#### Exercise instructions
Every line from the one containing "this 1500×1000 image." to the end of the records below should be returned exactly; pictures are to be dropped.
=== Information given ===
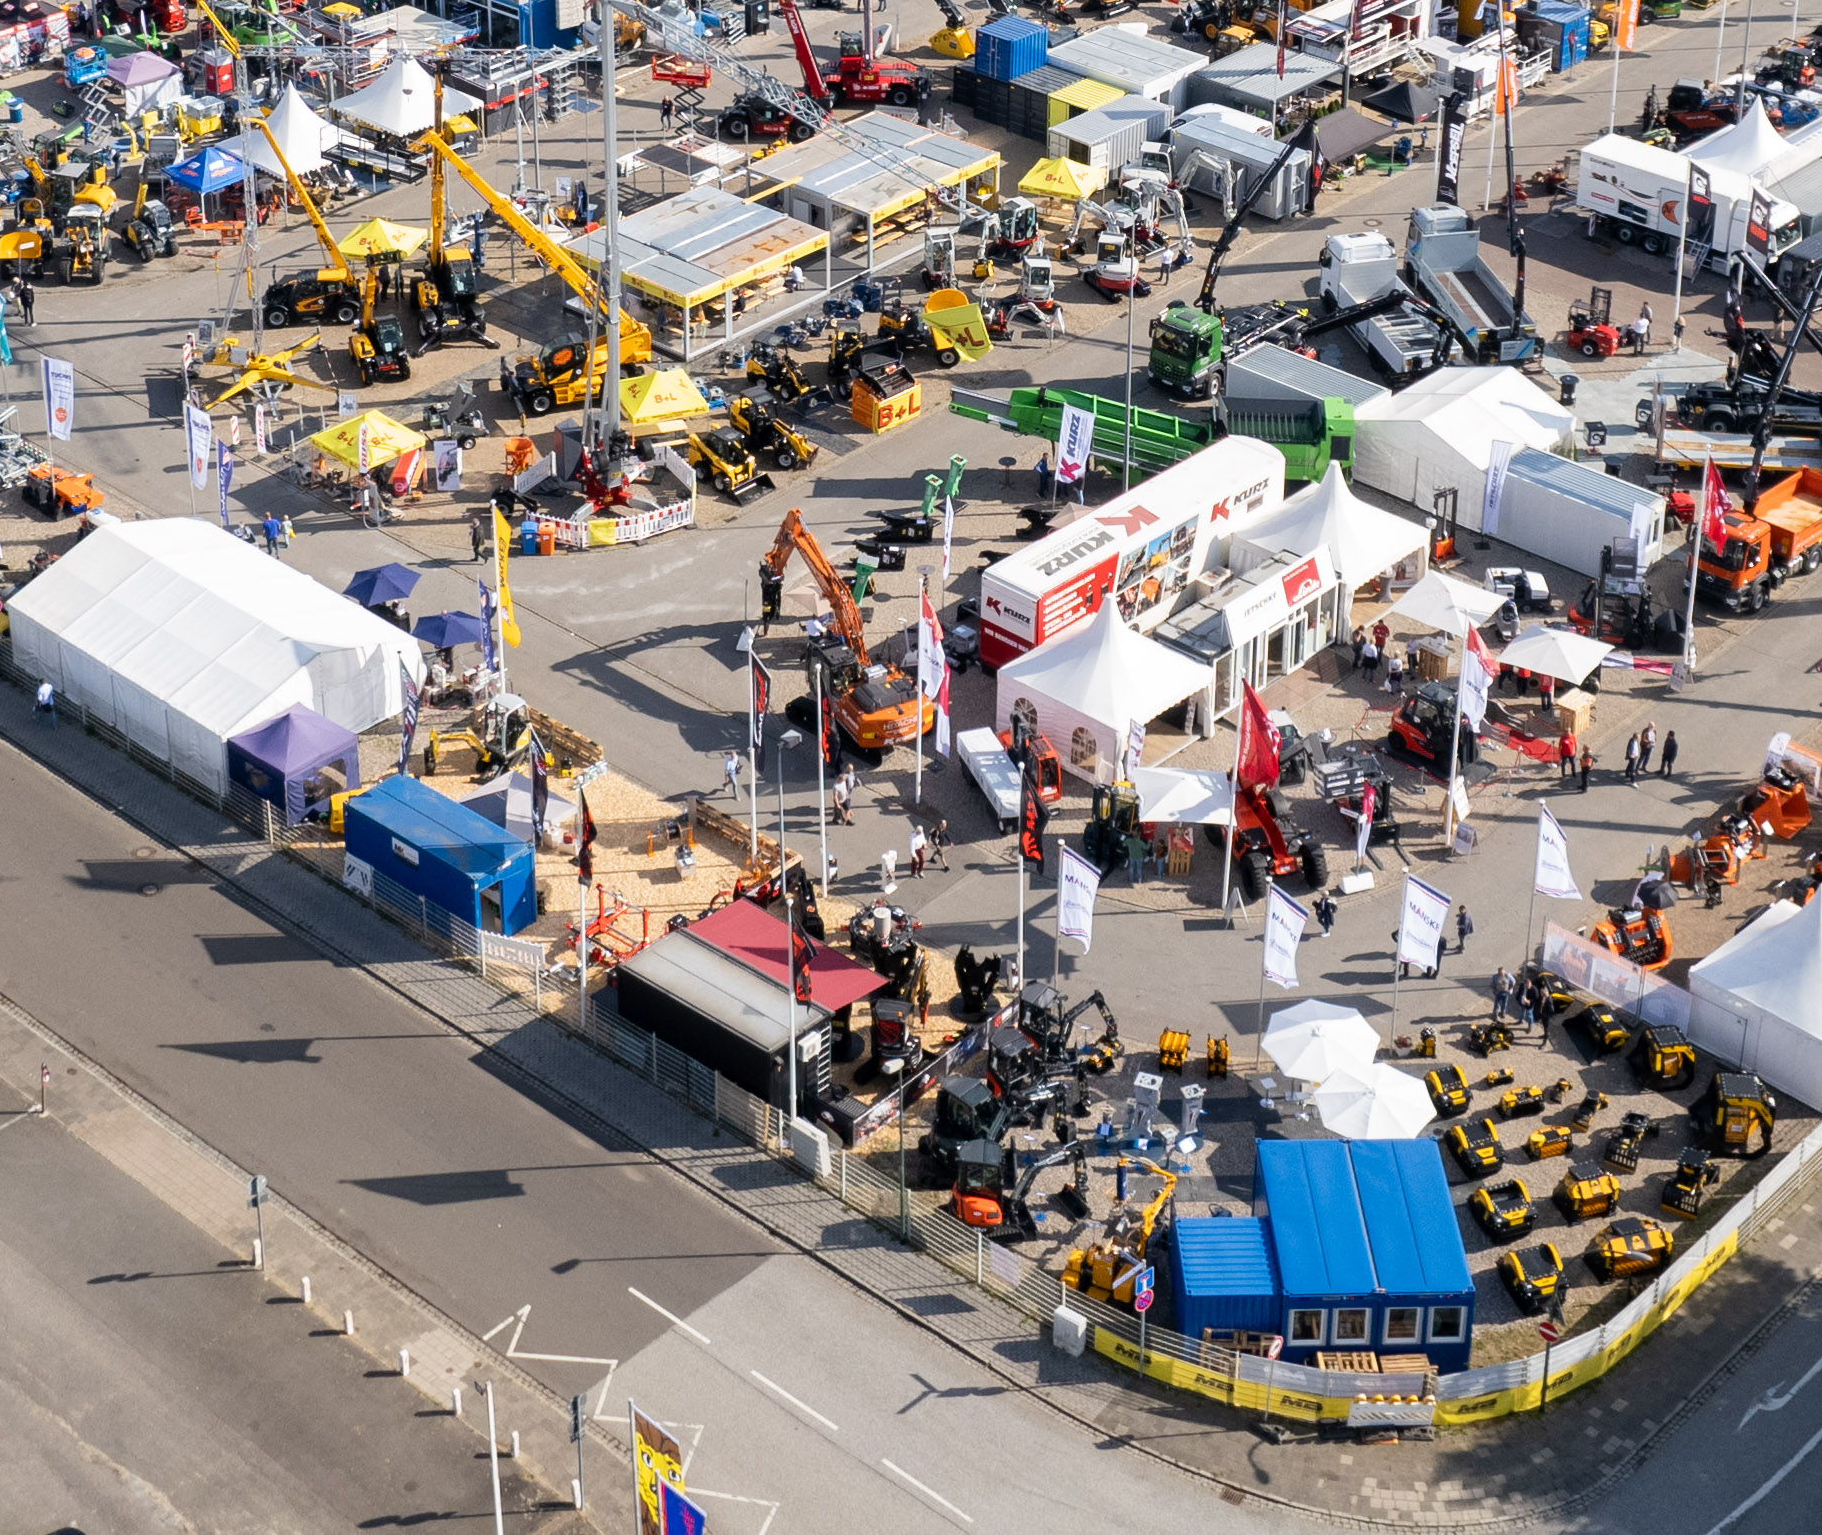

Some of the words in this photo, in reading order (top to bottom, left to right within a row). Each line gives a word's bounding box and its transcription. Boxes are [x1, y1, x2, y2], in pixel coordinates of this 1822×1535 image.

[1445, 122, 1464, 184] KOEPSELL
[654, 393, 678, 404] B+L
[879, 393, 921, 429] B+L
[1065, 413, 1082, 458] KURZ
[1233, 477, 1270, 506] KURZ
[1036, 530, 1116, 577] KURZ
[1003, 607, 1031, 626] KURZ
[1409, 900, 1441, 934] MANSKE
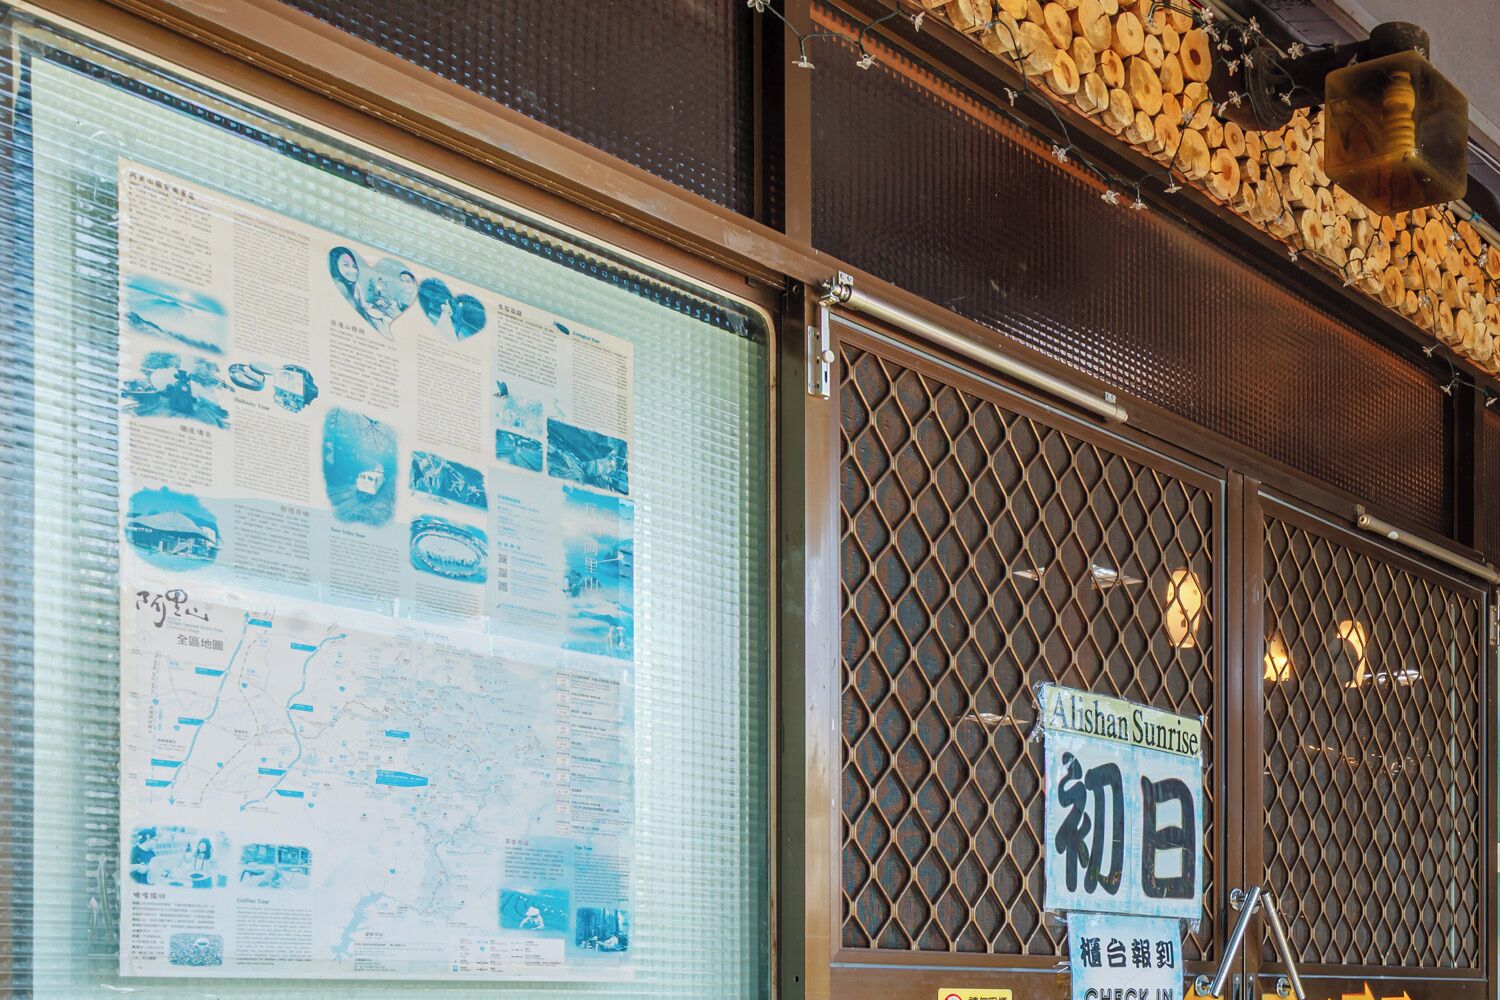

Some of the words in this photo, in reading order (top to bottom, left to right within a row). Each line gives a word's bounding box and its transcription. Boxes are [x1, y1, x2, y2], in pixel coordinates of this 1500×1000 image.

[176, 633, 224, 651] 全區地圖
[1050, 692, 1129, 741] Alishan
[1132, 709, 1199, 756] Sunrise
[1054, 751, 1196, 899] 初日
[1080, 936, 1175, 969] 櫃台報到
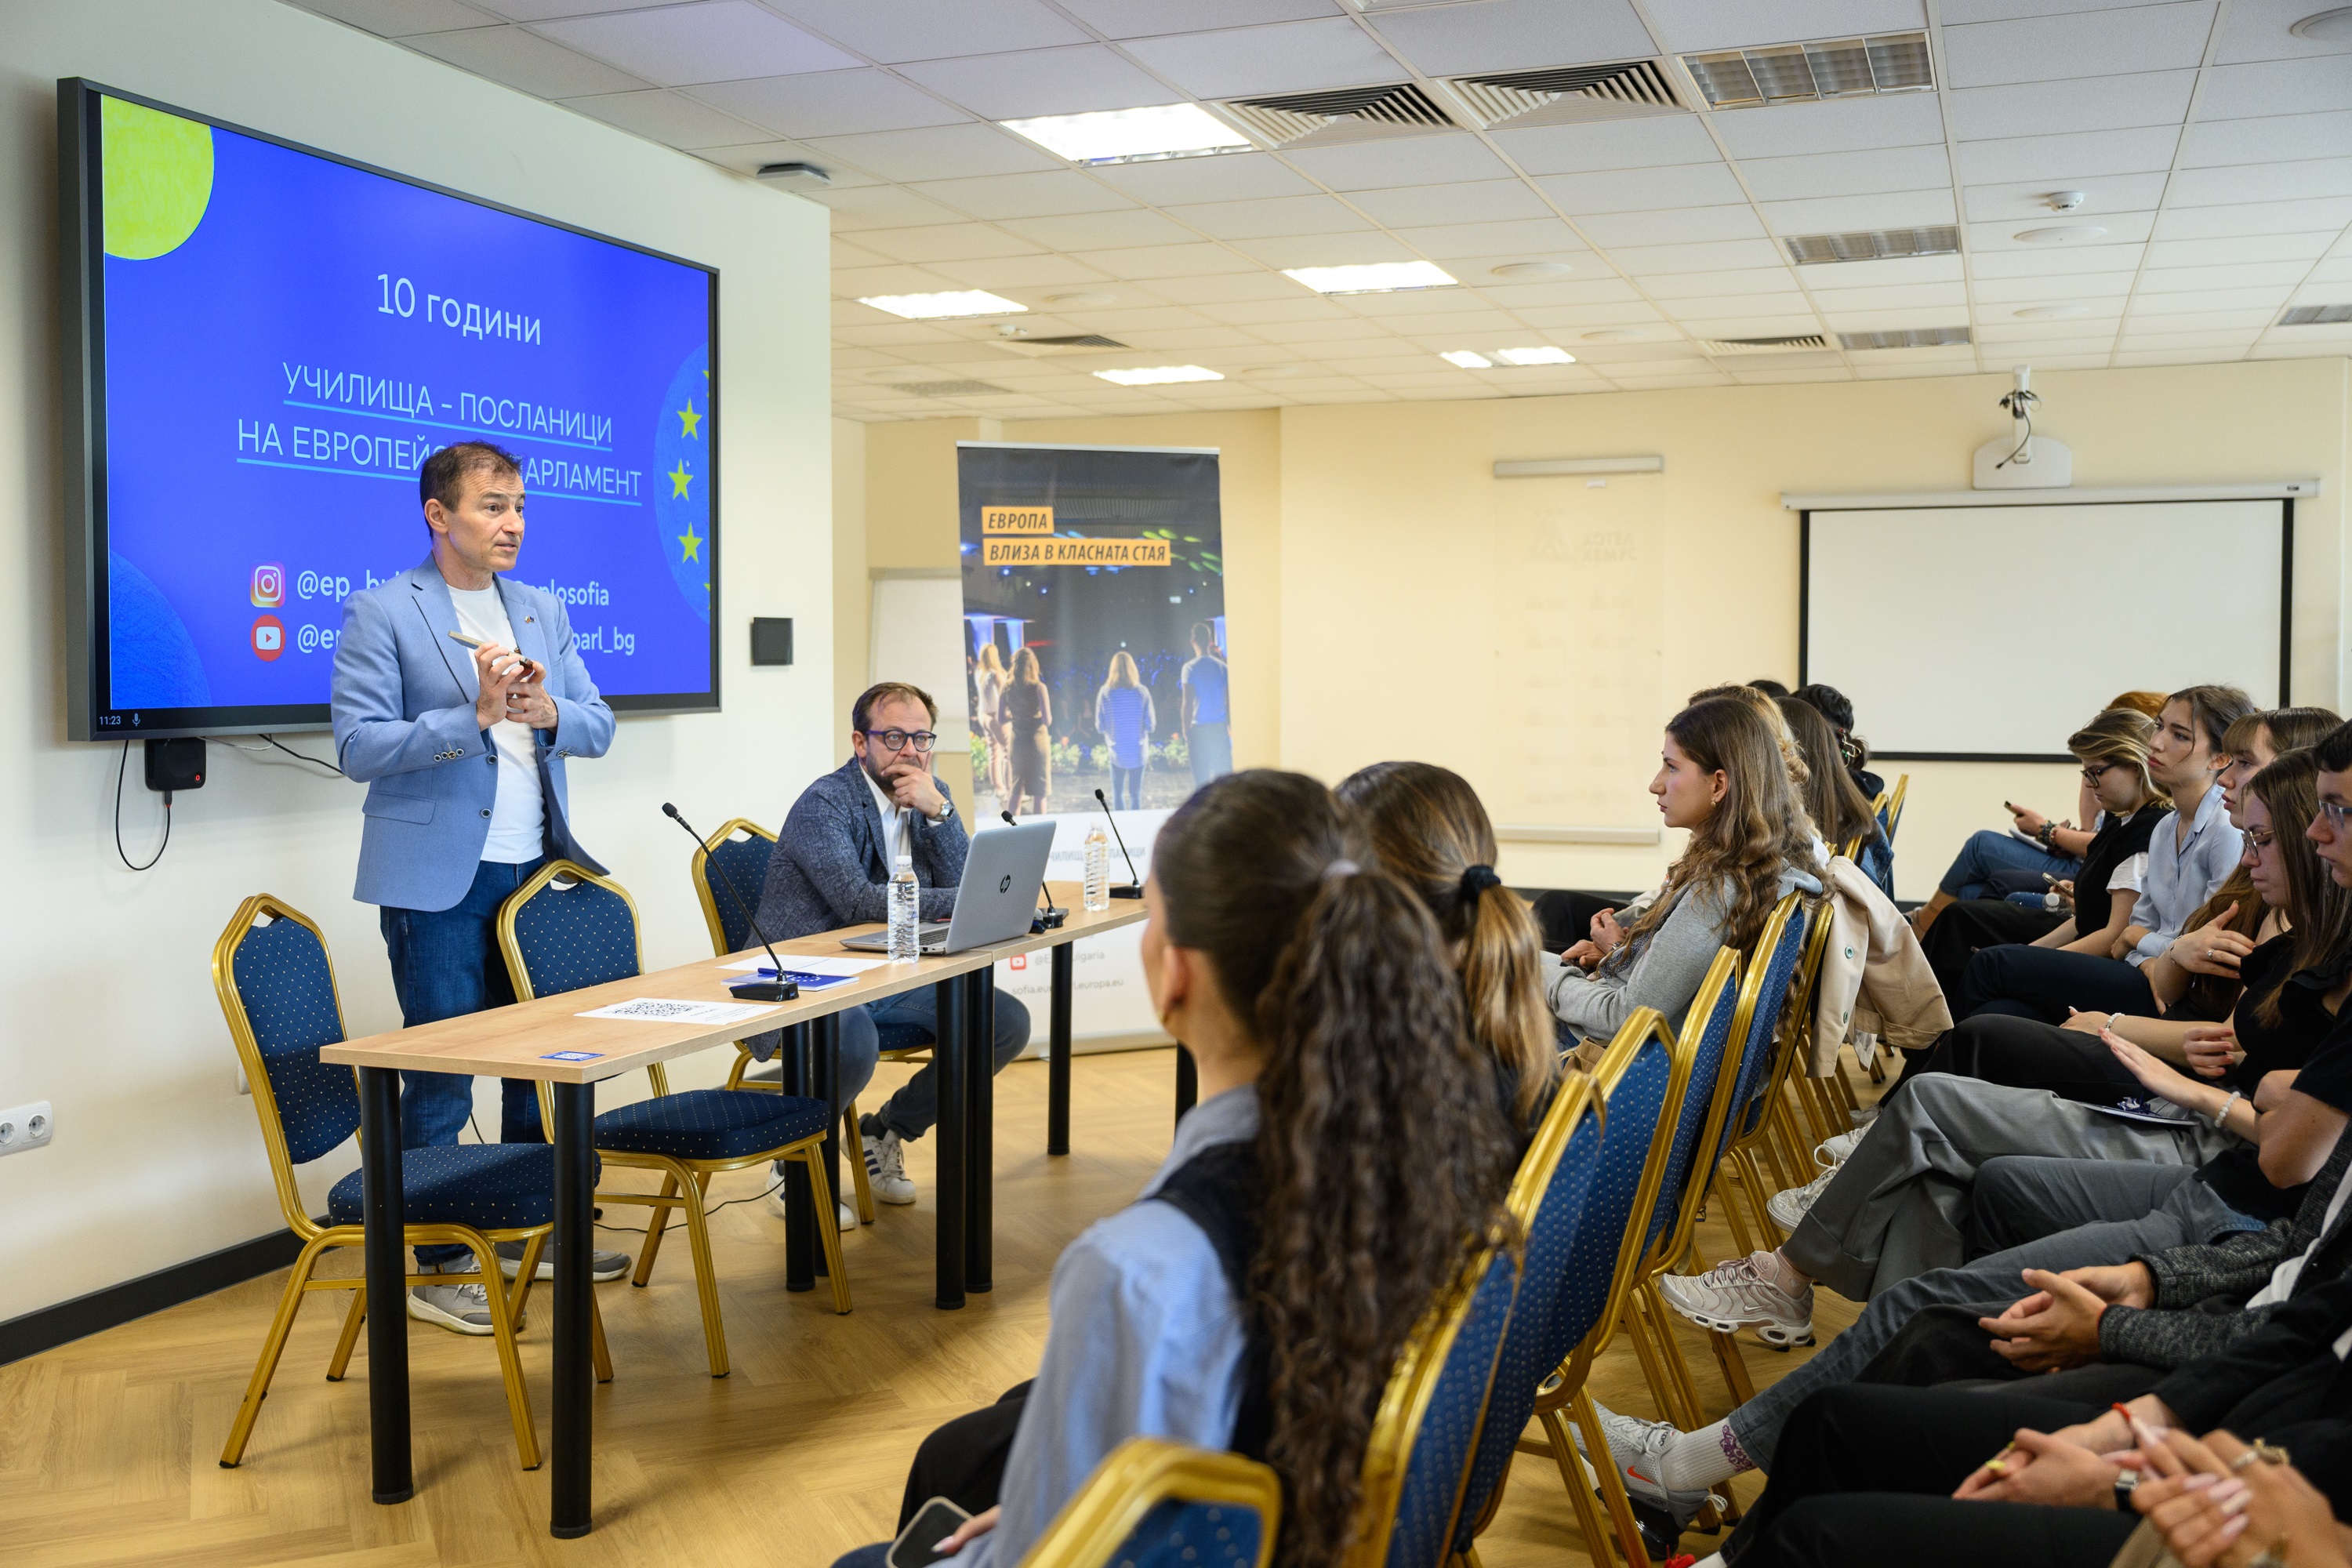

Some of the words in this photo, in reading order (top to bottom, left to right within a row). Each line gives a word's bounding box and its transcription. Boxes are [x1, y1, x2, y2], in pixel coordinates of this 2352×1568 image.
===
#### Solution to this task
Some of the words in this photo, in reading order (top to bottom, left to right within a row). Each line gives a word's bounding box and its transcription. Boxes are [x1, y1, x2, y2], in pixel coordinates of this 1500×1000 image.

[176, 633, 224, 651] 全區地圖
[1050, 692, 1129, 741] Alishan
[1132, 709, 1199, 756] Sunrise
[1054, 751, 1196, 899] 初日
[1080, 936, 1175, 969] 櫃台報到

Some of the words in this photo, in reading order (top to bottom, left to right within a row). Each line gives a word's bounding box and its transcription. Boxes are [x1, y1, x2, y2], in pixel coordinates of this 2352×1568 image.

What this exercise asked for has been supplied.